Isopogon polycephalus, commonly known as clustered coneflower, is a species of plant in the family Proteaceae and is endemic to the South coast of Western Australia. It is a spreading shrub with linear to lance-shaped leaves with the narrower end towards the base, and clusters of more or less spherical heads of white, cream-coloured or yellow flowers.

==Description==
Isopogon polycephalus is a spreading shrub that typically grows to a height of about 1 m and has densely hairy, reddish brown branchlets. The leaves are mostly linear to lance-shaped with the narrower end towards the base, 60–120 mm long, and 6–10 mm wide, ending in hard, sharp point. The flowers are arranged in sessile, more or less spherical, often clustered heads 25–30 mm in diameter, with linear to narrow egg-shaped involucral bracts at the base. The flowers are 10–15 mm long, white, cream-coloured or yellow and glabrous. Flowering occurs from August to January and the fruit is a hairy nut, fused with others in a more or less spherical head about 20 mm in diameter.

==Taxonomy==
Isopogon polycephalus was first formally described in 1810 by Robert Brown in Transactions of the Linnean Society.
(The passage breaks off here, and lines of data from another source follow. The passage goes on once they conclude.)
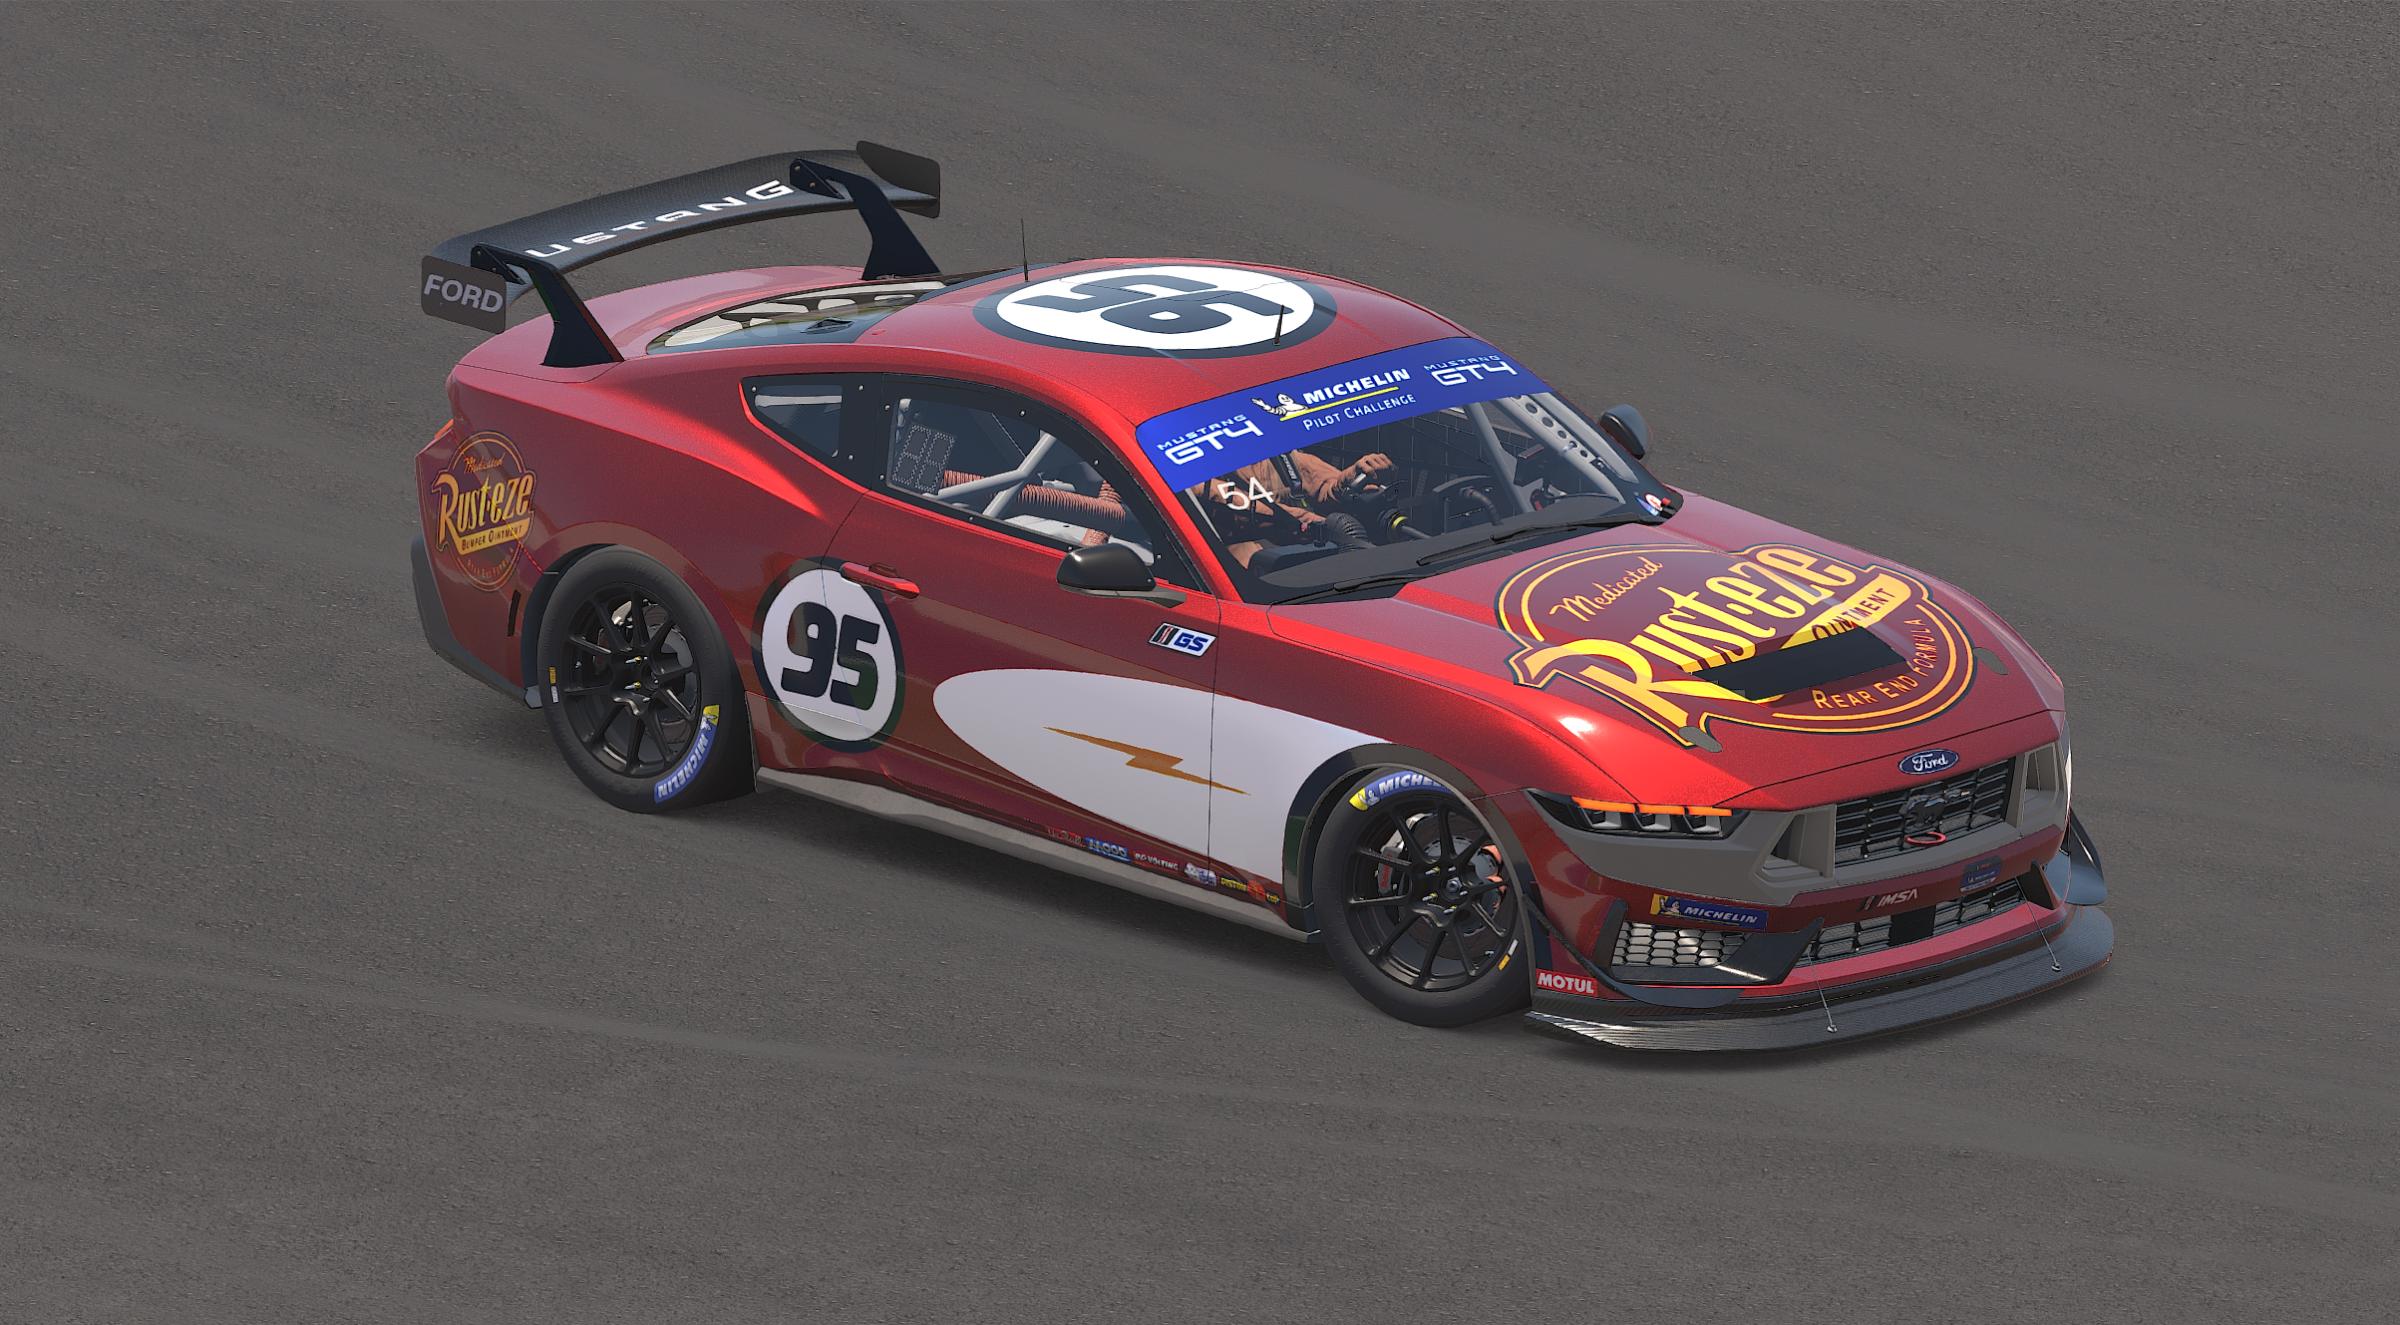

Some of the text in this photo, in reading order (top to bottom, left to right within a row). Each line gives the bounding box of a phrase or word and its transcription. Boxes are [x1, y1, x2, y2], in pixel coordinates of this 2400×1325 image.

[524, 179, 795, 258] USTANG
[423, 273, 504, 314] FORD
[1013, 274, 1295, 334] 95
[1423, 354, 1501, 371] MUSTANG
[1431, 360, 1519, 387] GT4
[1302, 367, 1411, 405] MICHELIN
[1302, 393, 1417, 431] PILOT CHALLENGE
[1156, 414, 1248, 451] MUSTANG
[1164, 419, 1264, 466] GT4
[1217, 476, 1274, 511] 54
[1549, 556, 1664, 622] Medicated
[780, 601, 881, 711] 95
[1173, 632, 1209, 652] GS
[1811, 618, 1938, 709] REAR END FORMULA
[657, 733, 709, 798] MICHELIN
[1911, 753, 1949, 772] Ford
[1684, 906, 1758, 924] MICHELIN
[1876, 888, 1918, 908] IMSA
[1537, 972, 1595, 994] MOTUL
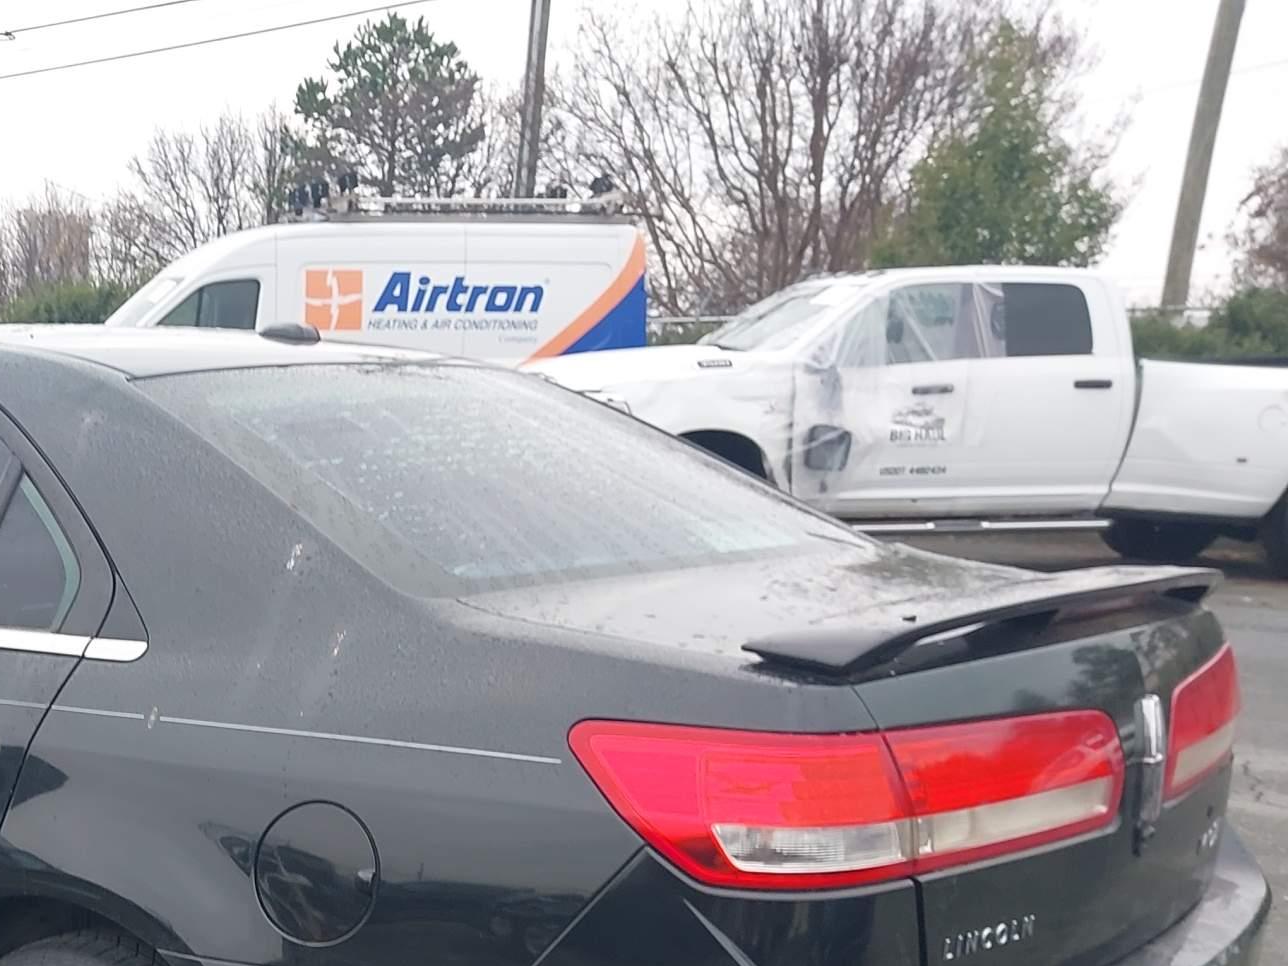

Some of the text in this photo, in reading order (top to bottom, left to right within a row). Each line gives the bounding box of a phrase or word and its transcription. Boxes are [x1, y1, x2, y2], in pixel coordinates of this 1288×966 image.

The specific epithet (polycephalus) means "many-headed".

==Distribution and habitat==
Clustered coneflower grows in sandy soil in heath or sandplain between East Mount Barren and Condingup, near the south coast of Western Australia.

==Conservation status==
Isopogon polycephalus is classified as "not threatened" by the Government of Western Australia Department of Parks and Wildlife.